Florida’s Miami-Dade County is battling thousands of introduced giant African land snails: Achatina fulica. The snails grow to a hefty eight inches in length, and they reproduce right round the year. These giant snails eat plaster and stucco, as well as garden plants, and a percentage of them carry the rat lungworm, Angiostrongylus cantonensis. Unfortunately, humans sometimes catch A. cantonensis and suffer a form of parasitic meningitis.

What Is The Rat Lungworm? Angiostrongylus cantonensis and Eosinophilic Meningitis

The rat lungworm is a nematode (roundworm) that normally inhabits the pulmonary artery (the artery that carries blood from the heart to the lungs) and heart of rats. The adult worms are slender, growing to a length of just 1.5 to 2.5 centimeters. In many cases of  human infection, medical specialists suggest that the patient may have accidentally swallowed a slug.

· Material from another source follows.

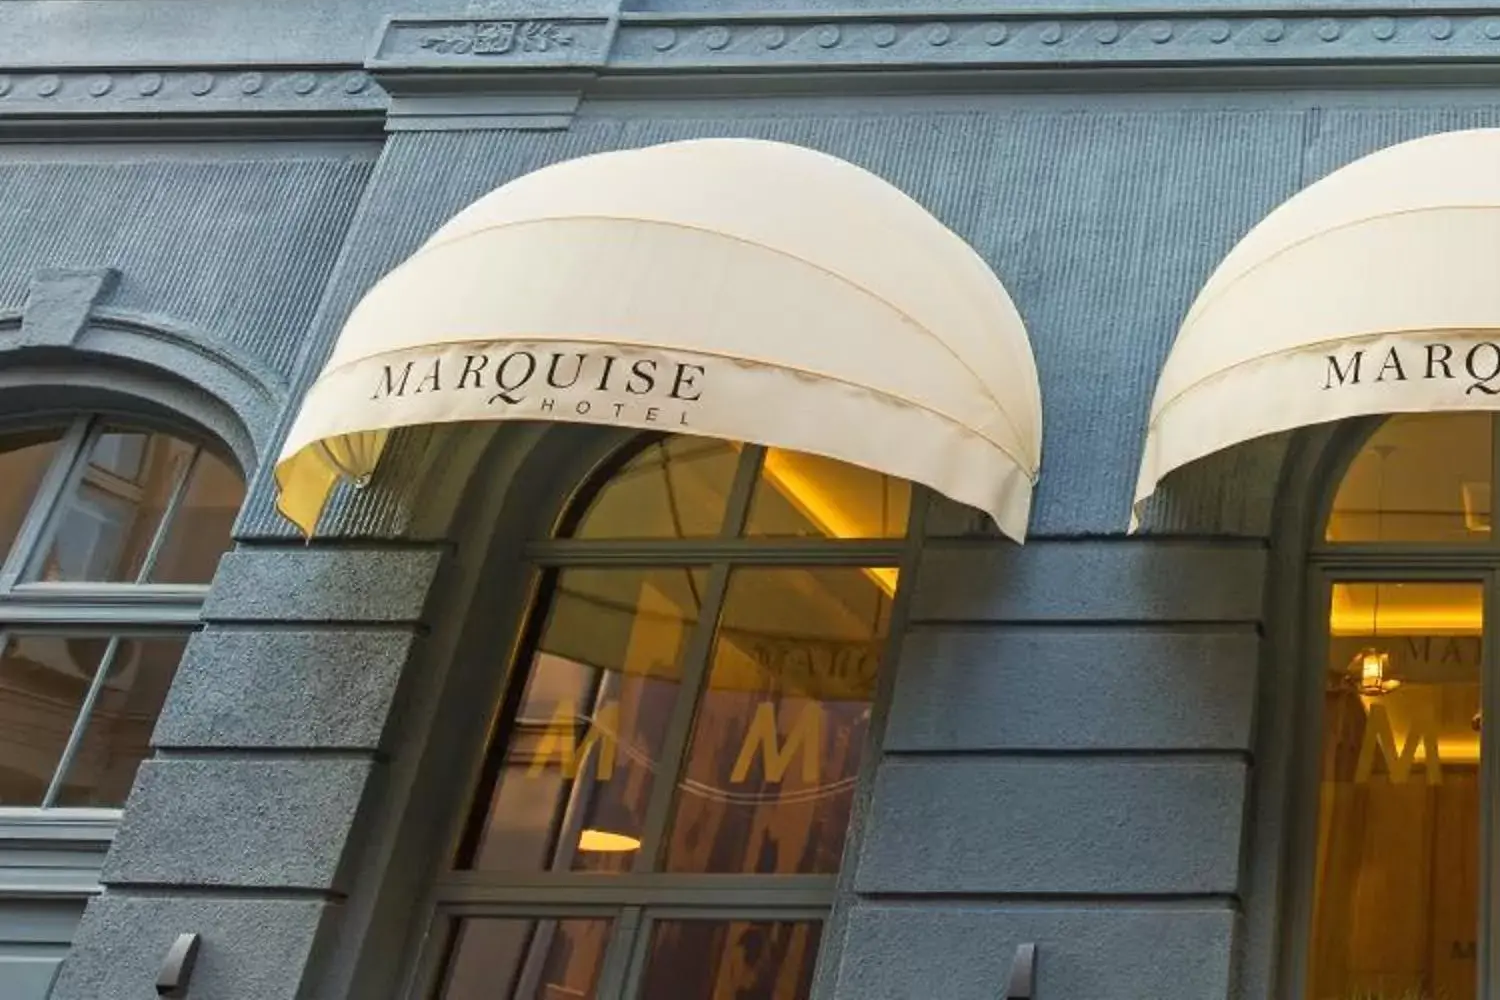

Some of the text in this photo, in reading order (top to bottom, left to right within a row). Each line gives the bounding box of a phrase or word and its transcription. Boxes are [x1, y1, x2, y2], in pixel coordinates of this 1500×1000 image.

Eating raw slugs and snails, either accidentally or on purpose, is only one way to catch A. cantonensis. Other animals sometimes harbor the parasite, including shellfish, shrimp and even frogs. Larvae may also be present in the slime trail that slugs and snails leave on garden vegetables, and this is a concern when giant snails are crawling all over your garden.

In humans, the rat lungworm causes a disease called eosinophilic meningitis, or angiostrongylosis. The patient suffers from a severe headache, fever, tingling sensations, stiff neck, and possibly vomiting. Most cases of rat lungworm infection are mild and the victim recovers completely; however, sometimes the illness progresses to coma and, rarely, death. Globally, hundreds of human cases of angiostrongylosis occur each year.

Dr. Trevor Smith, at the Florida Department of Agriculture and Consumer Services, told Decoded Science that the parasite is present in the Florida environment, but not at levels high enough to be a problem for humans. The giant African land snail could change things: “if we let the snail go,” Smith says, A. cantonensis “could become a real problem… If we can knock this population back, I think it will fade back into the background.”